Now here's the real crux of the issue: you're inertial. Being inertial means being non-special, ergo, every inertial observer moving relative to you must be able to carry out the above procedure, and their results are completely valid in their reference frame. That's a key point: there really is no absolute meaning to simultaneity, and this is a direct consequence of the non-existence of any preferred reference frame.
But now to see a bit how that plays out, let's have a second inertial observer, moving relative to you, carry out the same procedure outlined above.
When you look at their concentric clock rings, you see that they don't agree with your clocks. What you see in fact, is that the other observers' clocks that are to their rear ("rear" - relative to their direction of motion) seem to be ahead of the clocks that are to their front (you'll also see that the circles of clocks are somewhat squished in their direction of motion, but that's a less important effect here). It has to be that way if you put a little thought into it: the observer moving relative to you is rushing towards the light signals coming from the clocks to their front, and "escaping" the ones coming from the clocks to their rear. So when they add their $r'/c$ value, for example to a rear clock to verify it is synchronized with their local clock, it seems they're adding a value that's "too small" because the actual distance light had to travel, according to you is larger than $r'$, so this is compensated by the fact that rear clocks are ahead. In other words, the $r'$ that the other observer uses is "too small" but the received time $t'_{r'}$ from a clock they see is "too big" (ahead), so the two effects compensate and the other observer hence always determines their clocks to be in synchrony, by comparing $t'_{r'}+r'/c$ to their local clock like you did.
For emphasis, the above analysis is all done according to what you see and measure the other observer is doing. The other inertial observer always sees that their concentric clocks are perfectly synchronized, and instead sees that your clocks are "out of whack" in a precisely symmetric manner.
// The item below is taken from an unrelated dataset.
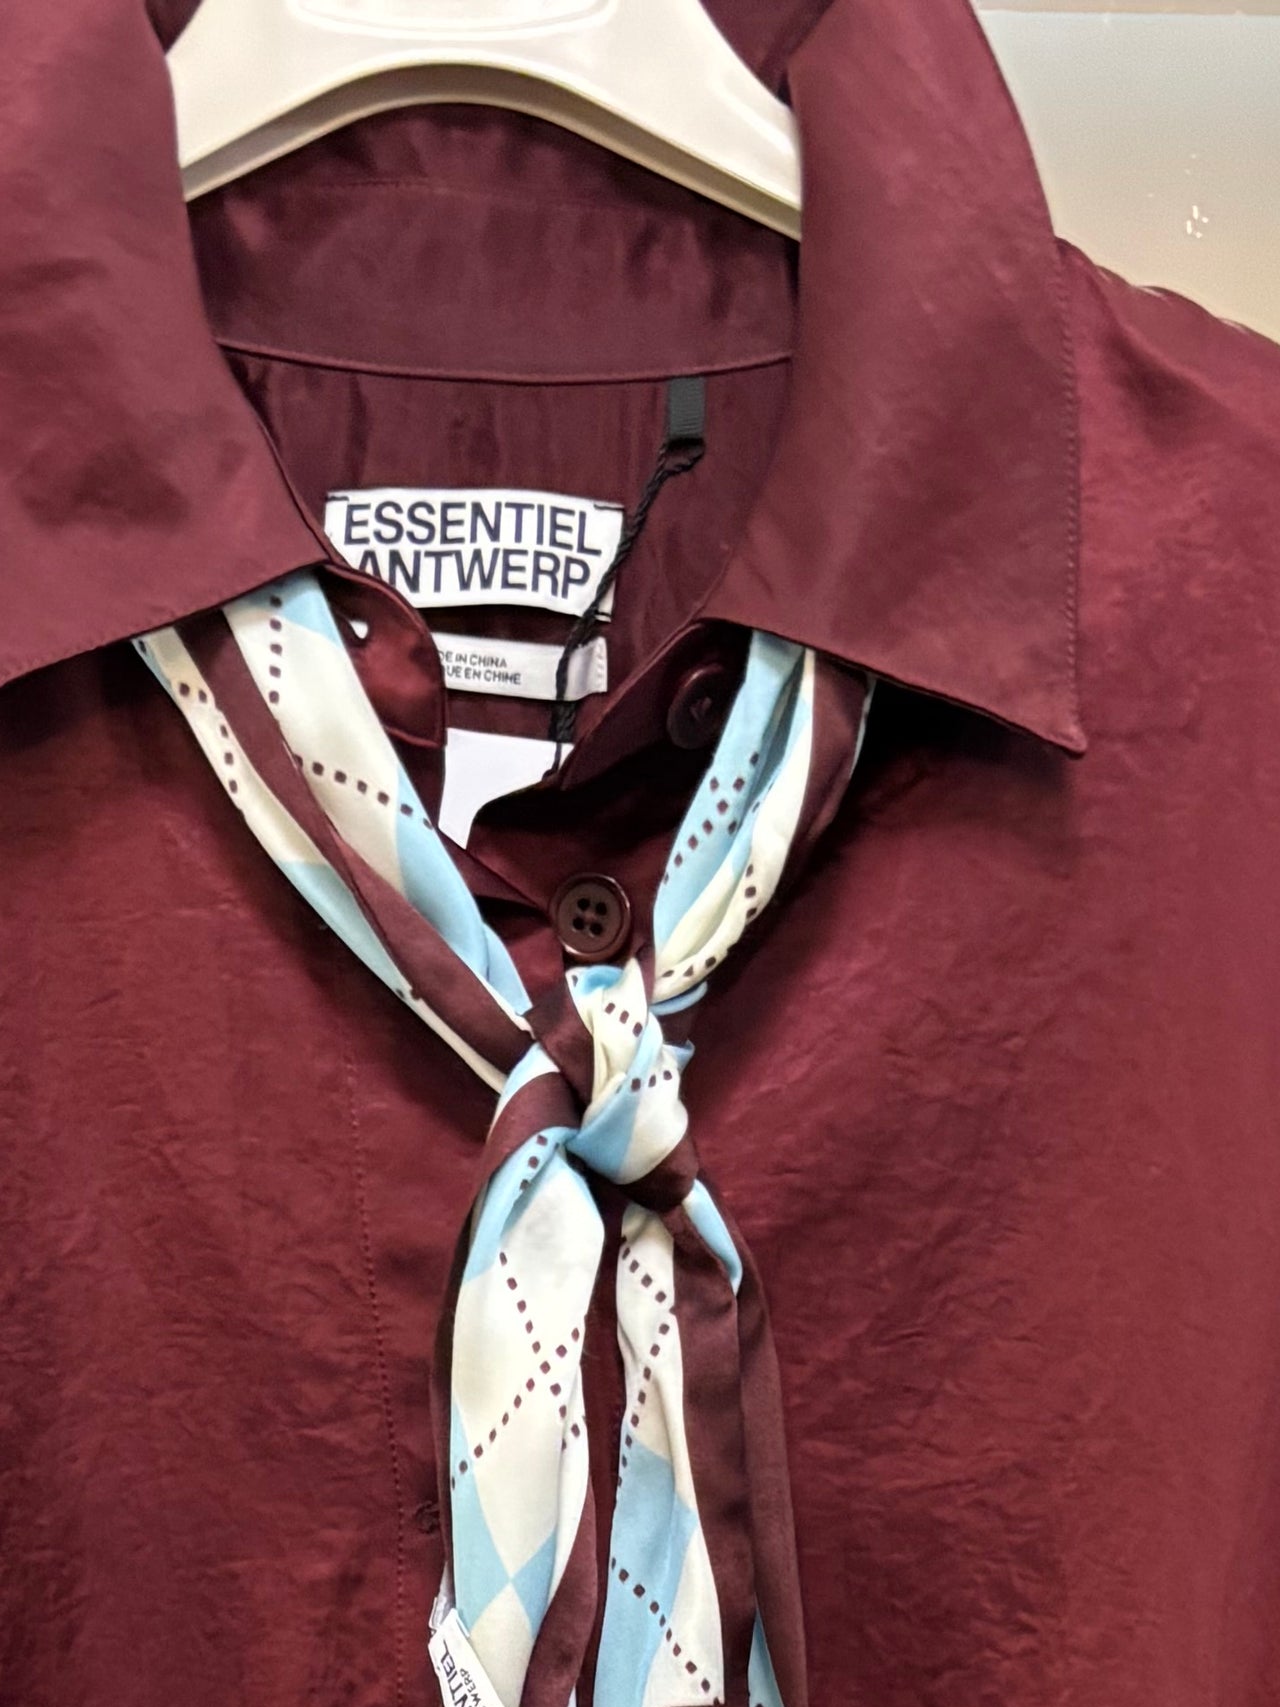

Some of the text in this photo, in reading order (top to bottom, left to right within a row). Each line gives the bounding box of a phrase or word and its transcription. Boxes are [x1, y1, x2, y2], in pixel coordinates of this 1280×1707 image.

So I hope all the above explains what we're talking about when we say that "observers" can be at the same place and yet assign different times to the same events. Now if you got all that, answering what happens when one observer suddenly comes to a stop is very simple: they are just "adopting" the measurements that were already done in the other frame. They discover that this is the only, or at least quickest way to set up a new reference frame, because now that they changed their velocity, the previous concentric clocks can no longer serve them: they will indeed see also that the "old clocks" that are all on the same $r=R$ are not synchronized. They can either synchronize them, or just adopt the other frames' clocks, which amounts to the same thing practically (and mathematically).
Why did it happen that when they came to a stop, suddenly their own clocks appear to be not synchronized properly? Very simple: recall that the initial synchronization procedure was done in a different inertial reference frame! So this is nothing else but what we've already explained: seeing their own "old clocks" being out of sync, is due to precisely the same reasons as seeing another inertial observers' clocks, moving relative to them, as out of sync. So nothing new has happened here.
Now in there lies another question you may ask yourself: how would one inertial observer measure the events involved in another inertial observer's synchronization procedure? I'll let you work out that one for yourself! It can be a great application of the principles I've tried to outline here.